Exercise objective: Down to the last line, set down the material below exactly, excluding pictures.
((
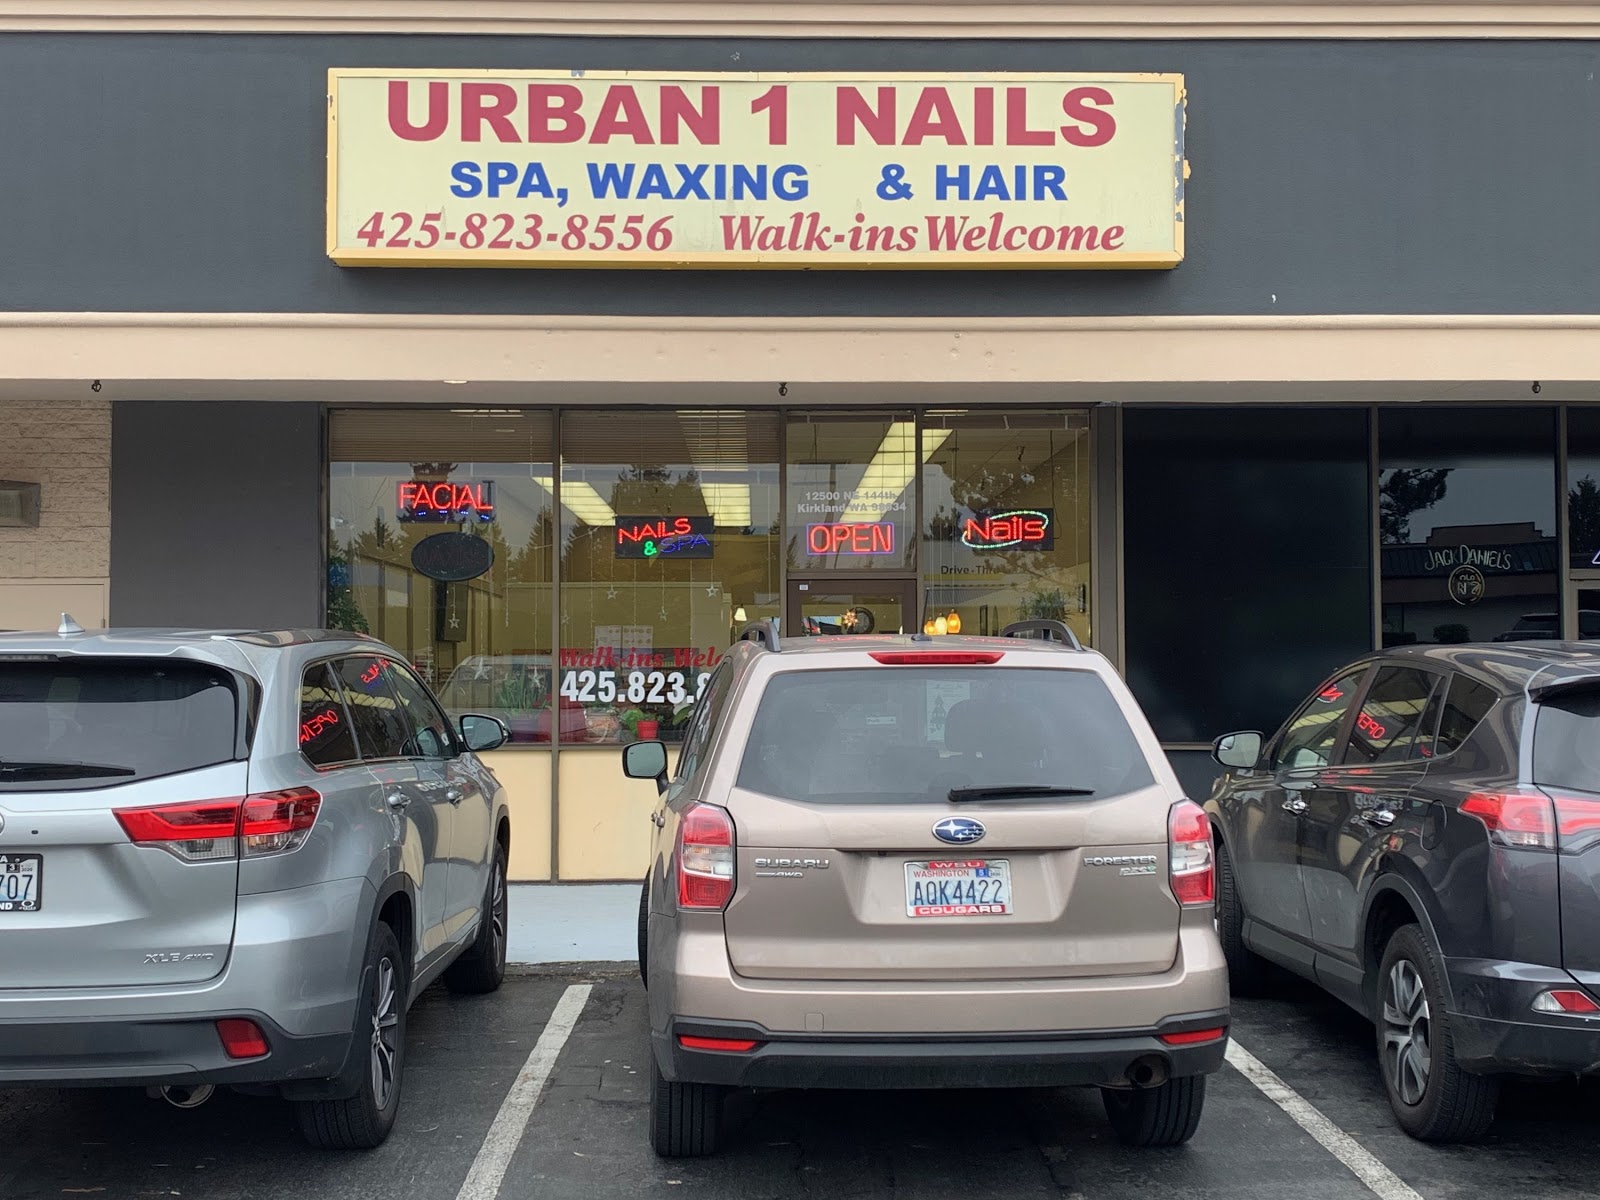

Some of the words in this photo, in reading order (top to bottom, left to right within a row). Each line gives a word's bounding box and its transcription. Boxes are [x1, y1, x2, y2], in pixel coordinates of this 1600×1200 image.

[387, 80, 721, 145] URBAN
[751, 85, 788, 145] 1
[836, 86, 1117, 147] NAILS
[450, 161, 568, 207] SPA,
[586, 163, 809, 201] WAXING
[876, 163, 915, 201] &
[935, 164, 1068, 201] HAIR
[357, 211, 674, 252] 425-823-8556
[720, 212, 918, 252] Walk-ins
[925, 212, 1125, 252] Welcome
[399, 484, 494, 510] FACIAL
[805, 491, 840, 501] 12500
[843, 490, 860, 501] NE
[797, 503, 845, 513] Kirkland
[849, 503, 868, 512] WA
[618, 517, 692, 545] NAILS
[810, 524, 892, 553] OPEN
[965, 516, 1045, 541] Nails
[643, 540, 658, 556] &
[660, 532, 711, 553] SPA
[1424, 549, 1459, 571] JACK
[1459, 544, 1512, 570] DANIEL'S
[559, 646, 665, 668] Walk-ins
[755, 858, 829, 869] SUBARU
[1084, 855, 1157, 867] FORESTER
[914, 869, 970, 878] WASHINGTON
[914, 879, 1004, 905] AQK4422
[918, 905, 1003, 915] COUGARS
[143, 952, 181, 964] XLE
))
Solved exercise:
Some of the words in this photo, in reading order (top to bottom, left to right within a row). Each line gives a word's bounding box and its transcription. Boxes are [x1, y1, x2, y2], in pixel coordinates of this 1600×1200 image.

[387, 80, 721, 145] URBAN
[751, 85, 788, 145] 1
[836, 86, 1117, 147] NAILS
[450, 161, 568, 207] SPA,
[586, 163, 809, 201] WAXING
[876, 163, 915, 201] &
[935, 164, 1068, 201] HAIR
[357, 211, 674, 252] 425-823-8556
[720, 212, 918, 252] Walk-ins
[925, 212, 1125, 252] Welcome
[399, 484, 494, 510] FACIAL
[805, 491, 840, 501] 12500
[843, 490, 860, 501] NE
[797, 503, 845, 513] Kirkland
[849, 503, 868, 512] WA
[618, 517, 692, 545] NAILS
[810, 524, 892, 553] OPEN
[965, 516, 1045, 541] Nails
[643, 540, 658, 556] &
[660, 532, 711, 553] SPA
[1424, 549, 1459, 571] JACK
[1459, 544, 1512, 570] DANIEL'S
[559, 646, 665, 668] Walk-ins
[755, 858, 829, 869] SUBARU
[1084, 855, 1157, 867] FORESTER
[914, 869, 970, 878] WASHINGTON
[914, 879, 1004, 905] AQK4422
[918, 905, 1003, 915] COUGARS
[143, 952, 181, 964] XLE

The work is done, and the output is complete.